Tue, 01/08/2019 - 5:24pm -- tim

Vermont Business Magazine In response to the crisis in agriculture and rural communities, Sterling and The Berry Center have announced that they will collaboratively launch The Wendell Berry Farming Program of Sterling College in Henry County, Kentucky, a no-tuition undergraduate sustainable agriculture degree program, inspired by the lifework and writing of farmer and environmental activist Wendell Berry. The $2.5 million grant and challenge, once met, will provide a total of $3.5 million for operation of the program through 2024. Sterling College is based in Craftsbury Common.

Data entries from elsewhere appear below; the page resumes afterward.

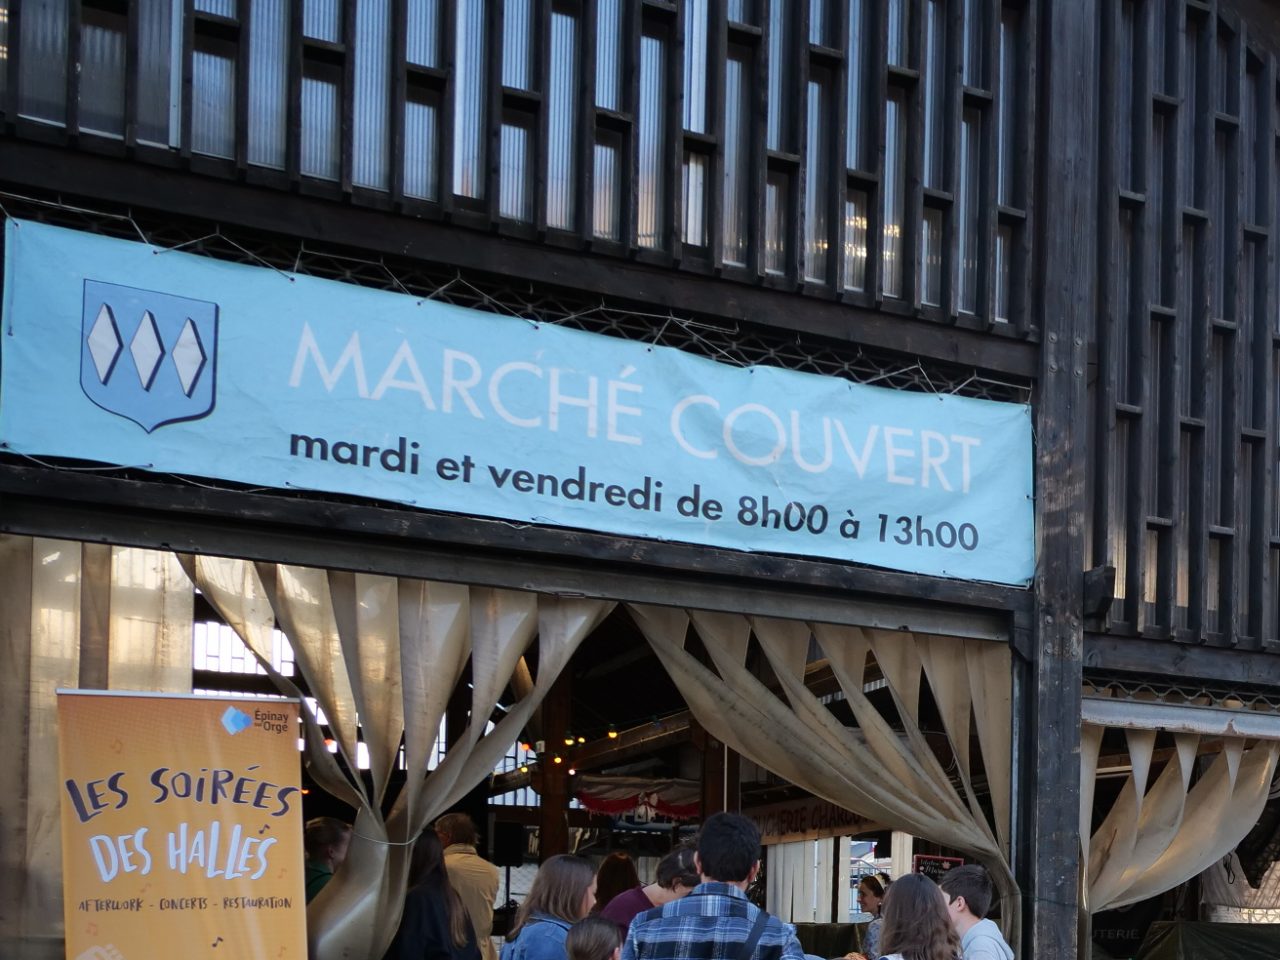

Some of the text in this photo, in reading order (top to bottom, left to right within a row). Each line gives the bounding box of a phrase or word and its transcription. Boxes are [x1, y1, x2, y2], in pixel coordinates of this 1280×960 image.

[289, 320, 981, 494] MARCHÉ COUVERT
[289, 433, 979, 551] mardi et vendredi de 8h00 à 13h00
[254, 708, 289, 724] Épinay
[263, 721, 289, 735] Orge
[65, 771, 129, 823] LES
[89, 821, 278, 883] DES HALLES
[78, 898, 144, 912] AFTERWORK
[159, 897, 208, 911] CONCERTS
[223, 896, 292, 910] RESTAURATION

“This farming program is exactly what most needs doing here,” said Wendell Berry, whose family has lived and farmed in Henry County for nine generations. “We’re grateful to the NoVo Foundation for supporting our vision of educating a next generation to farm sustainably and build prosperous rural communities and healthy regional economies,” said Mary Berry, executive director of The Berry Center. “The Wendell Berry Farming Program helps fill in a gap that is missing from local food movements on how future farmers can actually make a living farming.”

With funding from this grant and experience gained over decades through its nationally-recognized sustainable agriculture program in Vermont, Sterling looks forward to expanding the reach of its mission to Kentucky in collaboration with The Berry Center by offering a Sterling degree in sustainable agriculture in Henry County. Admission will be highly selective, but students will be chosen without regard for financial ability to pay tuition. With the NoVo Foundation grant, Sterling guarantees that students will not pay tuition, giving graduates better prospects to farm without relying on student loans. 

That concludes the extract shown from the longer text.